> **INPUT DATA**

•••••

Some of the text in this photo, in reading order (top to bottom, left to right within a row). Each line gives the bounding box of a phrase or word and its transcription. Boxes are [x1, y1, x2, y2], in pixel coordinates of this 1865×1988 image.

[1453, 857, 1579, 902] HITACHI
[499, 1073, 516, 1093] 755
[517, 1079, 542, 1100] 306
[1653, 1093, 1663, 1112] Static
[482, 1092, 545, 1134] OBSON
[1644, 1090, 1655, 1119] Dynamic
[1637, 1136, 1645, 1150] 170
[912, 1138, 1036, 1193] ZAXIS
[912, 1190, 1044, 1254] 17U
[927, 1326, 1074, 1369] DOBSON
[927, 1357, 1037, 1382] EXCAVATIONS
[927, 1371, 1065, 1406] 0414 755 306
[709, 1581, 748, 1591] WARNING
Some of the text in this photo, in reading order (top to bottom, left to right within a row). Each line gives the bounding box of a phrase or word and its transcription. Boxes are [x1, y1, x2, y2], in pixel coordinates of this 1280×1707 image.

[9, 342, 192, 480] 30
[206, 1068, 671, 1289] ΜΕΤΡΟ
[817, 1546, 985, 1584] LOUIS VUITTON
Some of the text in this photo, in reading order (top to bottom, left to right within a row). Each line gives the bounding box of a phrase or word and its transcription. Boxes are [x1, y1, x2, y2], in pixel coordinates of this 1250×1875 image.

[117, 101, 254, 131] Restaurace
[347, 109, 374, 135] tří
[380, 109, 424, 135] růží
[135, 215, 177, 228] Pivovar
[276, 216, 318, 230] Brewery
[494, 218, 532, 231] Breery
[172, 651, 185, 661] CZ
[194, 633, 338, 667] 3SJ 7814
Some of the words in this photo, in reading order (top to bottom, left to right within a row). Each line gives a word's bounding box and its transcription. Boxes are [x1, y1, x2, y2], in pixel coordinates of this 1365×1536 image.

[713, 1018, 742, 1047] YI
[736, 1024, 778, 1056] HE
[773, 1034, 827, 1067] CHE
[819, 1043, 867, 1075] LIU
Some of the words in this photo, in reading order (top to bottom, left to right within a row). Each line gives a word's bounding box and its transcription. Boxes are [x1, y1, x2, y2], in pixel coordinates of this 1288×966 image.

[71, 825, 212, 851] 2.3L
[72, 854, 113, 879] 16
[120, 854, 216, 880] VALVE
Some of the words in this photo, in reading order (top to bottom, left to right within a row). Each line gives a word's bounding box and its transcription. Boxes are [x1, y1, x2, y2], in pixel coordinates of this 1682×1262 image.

•••••

> **PROBLEM REQUIREMENTS**
Beginning with the opening line and ending with the final one, transcribe the material exactly.

> **FINISHED EXERCISE**
Some of the text in this photo, in reading order (top to bottom, left to right within a row). Each line gives the bounding box of a phrase or word and its transcription. Boxes are [x1, y1, x2, y2], in pixel coordinates of this 1865×1988 image.

[1453, 857, 1579, 902] HITACHI
[499, 1073, 516, 1093] 755
[517, 1079, 542, 1100] 306
[1653, 1093, 1663, 1112] Static
[482, 1092, 545, 1134] OBSON
[1644, 1090, 1655, 1119] Dynamic
[1637, 1136, 1645, 1150] 170
[912, 1138, 1036, 1193] ZAXIS
[912, 1190, 1044, 1254] 17U
[927, 1326, 1074, 1369] DOBSON
[927, 1357, 1037, 1382] EXCAVATIONS
[927, 1371, 1065, 1406] 0414 755 306
[709, 1581, 748, 1591] WARNING
Some of the text in this photo, in reading order (top to bottom, left to right within a row). Each line gives the bounding box of a phrase or word and its transcription. Boxes are [x1, y1, x2, y2], in pixel coordinates of this 1280×1707 image.

[9, 342, 192, 480] 30
[206, 1068, 671, 1289] ΜΕΤΡΟ
[817, 1546, 985, 1584] LOUIS VUITTON
Some of the text in this photo, in reading order (top to bottom, left to right within a row). Each line gives the bounding box of a phrase or word and its transcription. Boxes are [x1, y1, x2, y2], in pixel coordinates of this 1250×1875 image.

[117, 101, 254, 131] Restaurace
[347, 109, 374, 135] tří
[380, 109, 424, 135] růží
[135, 215, 177, 228] Pivovar
[276, 216, 318, 230] Brewery
[494, 218, 532, 231] Breery
[172, 651, 185, 661] CZ
[194, 633, 338, 667] 3SJ 7814
Some of the words in this photo, in reading order (top to bottom, left to right within a row). Each line gives a word's bounding box and its transcription. Boxes are [x1, y1, x2, y2], in pixel coordinates of this 1365×1536 image.

[713, 1018, 742, 1047] YI
[736, 1024, 778, 1056] HE
[773, 1034, 827, 1067] CHE
[819, 1043, 867, 1075] LIU
Some of the words in this photo, in reading order (top to bottom, left to right within a row). Each line gives a word's bounding box and its transcription. Boxes are [x1, y1, x2, y2], in pixel coordinates of this 1288×966 image.

[71, 825, 212, 851] 2.3L
[72, 854, 113, 879] 16
[120, 854, 216, 880] VALVE
Some of the words in this photo, in reading order (top to bottom, left to right within a row). Each line gives a word's bounding box and its transcription. Boxes are [x1, y1, x2, y2], in pixel coordinates of this 1682×1262 image.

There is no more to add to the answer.